Odp: Czy związek introwertyka z ekstrawertykiem ma sens ?
zatroskany internauta napisał/a:

(...) należy dac też pewną swobodę 2polowce.(...)

Czyli związek to więzienie z przepustkami wręczanymi, od czasu do czasu (czytaj za dobre sprawowanie) przez klawisza.

Tymczasem:

Andrzej Wiśniewski napisał/a:

Jeżeli nie mam wystarczająco wysokiego poczucia wartości i ważności, to ciągle się boję, że mój partner odkryje, jaki jestem naprawdę, i odejdzie. W związku z tym do czego dążę? Żeby ograniczyć jego wolność. Żeby go przypisać do siebie, mieć nad nim władzę.
Ktoś, kto nie wierzy, że można go kochać takiego, jaki jest, dąży do kontroli.
Władza jest substytutem miłości, ale nie pozwala tak jak ona ludziom rosnąć.



Owocnej pracy nad sobą.

Odp: Czy związek introwertyka z ekstrawertykiem ma sens ?

Masz okropny poziom interpretacji. Bardzo mi przykro z tego powodu.
Chyba nie rozumiesz, że swoboda, a robienie wszystkiego co sie nam umyśli bez jakichkolwiek zasad będących podstawą związku to ogromna różnica smile

29 Ostatnio edytowany przez Klio (2017-01-24 14:11:33)

Odp: Czy związek introwertyka z ekstrawertykiem ma sens ?
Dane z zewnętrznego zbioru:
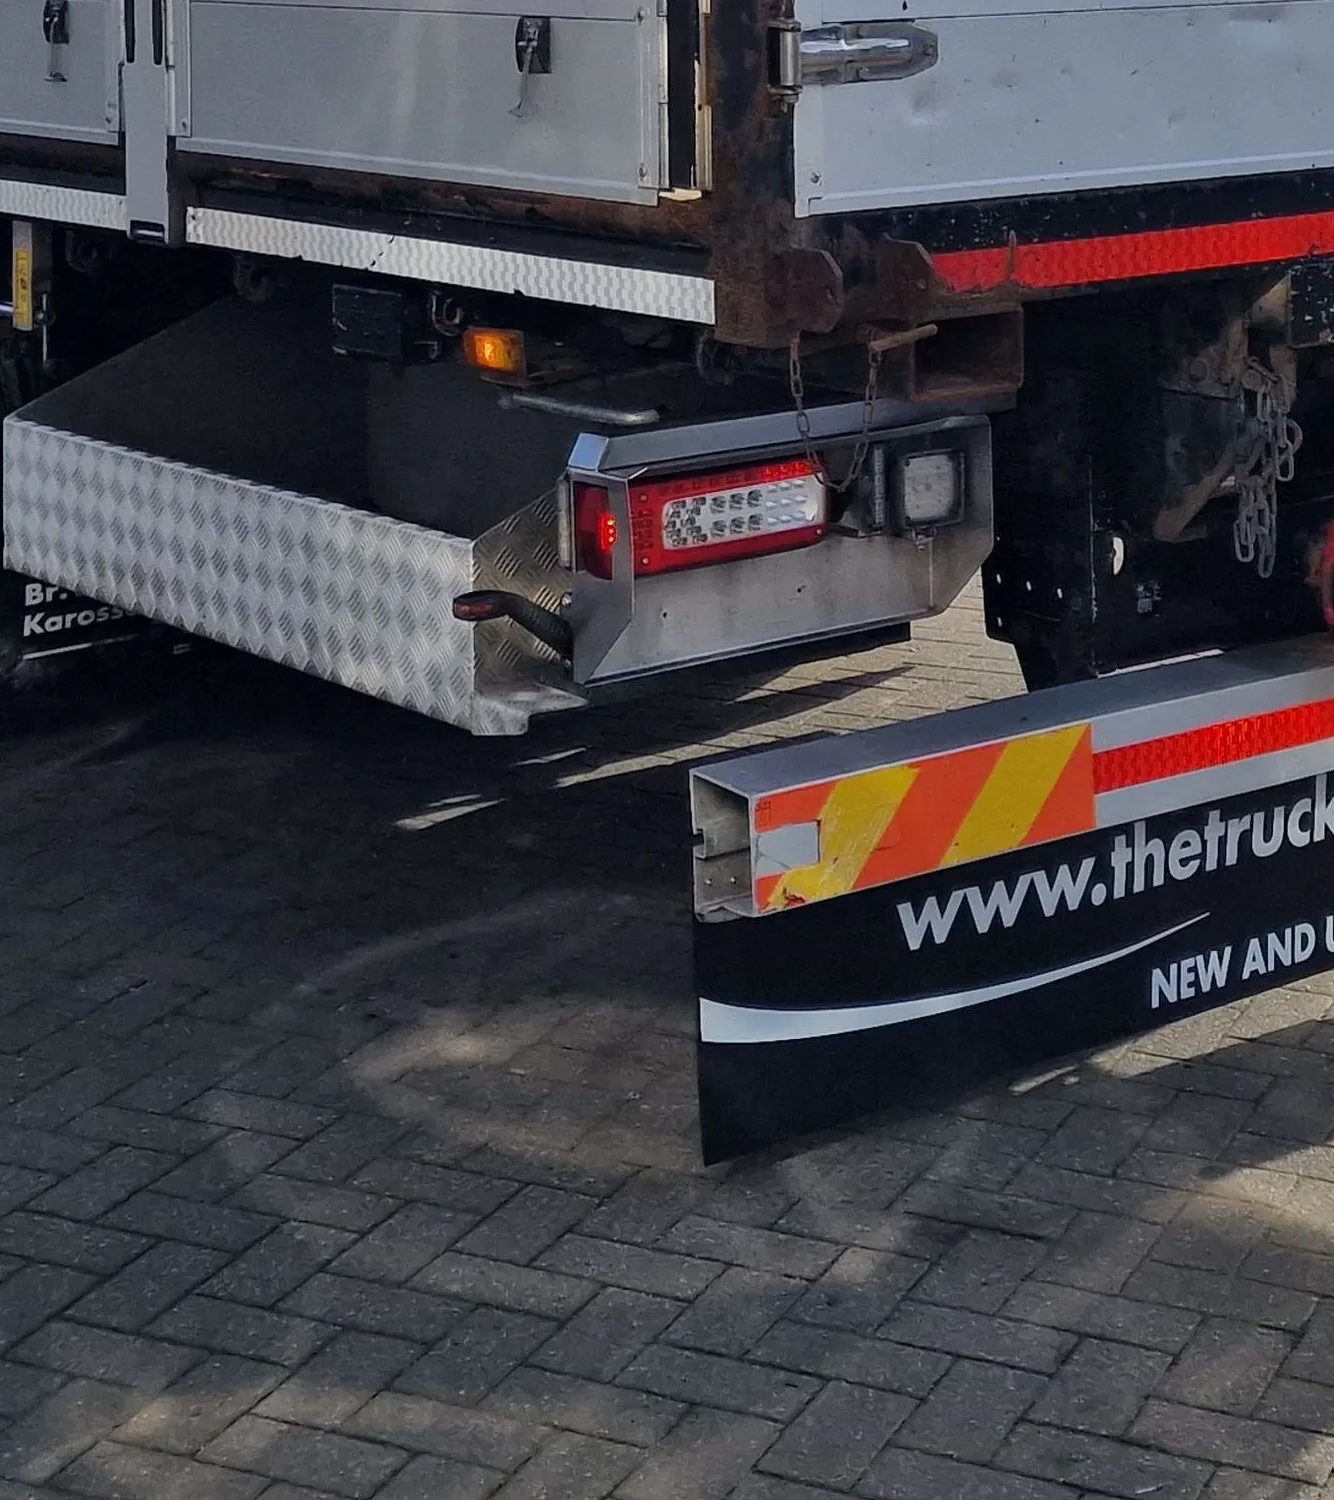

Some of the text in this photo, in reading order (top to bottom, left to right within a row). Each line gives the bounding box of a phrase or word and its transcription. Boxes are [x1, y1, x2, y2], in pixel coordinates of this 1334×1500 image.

[23, 607, 137, 637] Kaross
[1151, 946, 1231, 1008] NEW
[1242, 922, 1316, 980] AND
Ty też także znajdź czas również na użalanie się nad sobą. Wybierasz sobie jedną stronę medalu i jesteś absolutnie ślepy na drugą, ale przynajmniej w tym wątku usprawiedliwia Cię bliskość doświadczeń.
Tymczasem autor i jego dziewczyna uczestniczą w chocholim tańcu: on jest chorobliwie zazdrosny, więc ona stosuje uniki, półprawdy, kłamstwa, żeby móc oddychać, mieć towarzystwo, generalnie żyć i mieć z głowy jego wymówki, żale i pretensje. Ona stosuje uniki, półprawdy, kłamstwa, więc on jest jeszcze bardziej zazdrosny i próbuje ją ograniczać bardziej, wbijać w poczucie winy itd. I tak sobie tańczą, ale do czasu, bo ona coraz bardziej zauważa że to szczęśliwe życie i czas gdy może oddychać jest wtedy gdy jego nie ma... On nie jest w stanie się ogarnąć (bo problem dostrzega w tym że on introwertyk, a ona ekstrawertyczka lol ) i raczej nie zrezygnuje z choćby toksycznego związku bo na to za dużo jest kompleksów i desperacji. Potańczą sobie, ale jeśli nic się nie zmieni to już niedługo. Przy czym nawet jeśli się zmieni, to czy aby nie za późno, bo i tak bywa...

30

Odp: Czy związek introwertyka z ekstrawertykiem ma sens ?
zatroskany internauta napisał/a:

Masz okropny poziom interpretacji. Bardzo mi przykro z tego powodu.
Chyba nie rozumiesz, że swoboda, a robienie wszystkiego co sie nam umyśli bez jakichkolwiek zasad będących podstawą związku to ogromna różnica smile

Hm... . Okropny poziom interpretacji? Myślę inaczej.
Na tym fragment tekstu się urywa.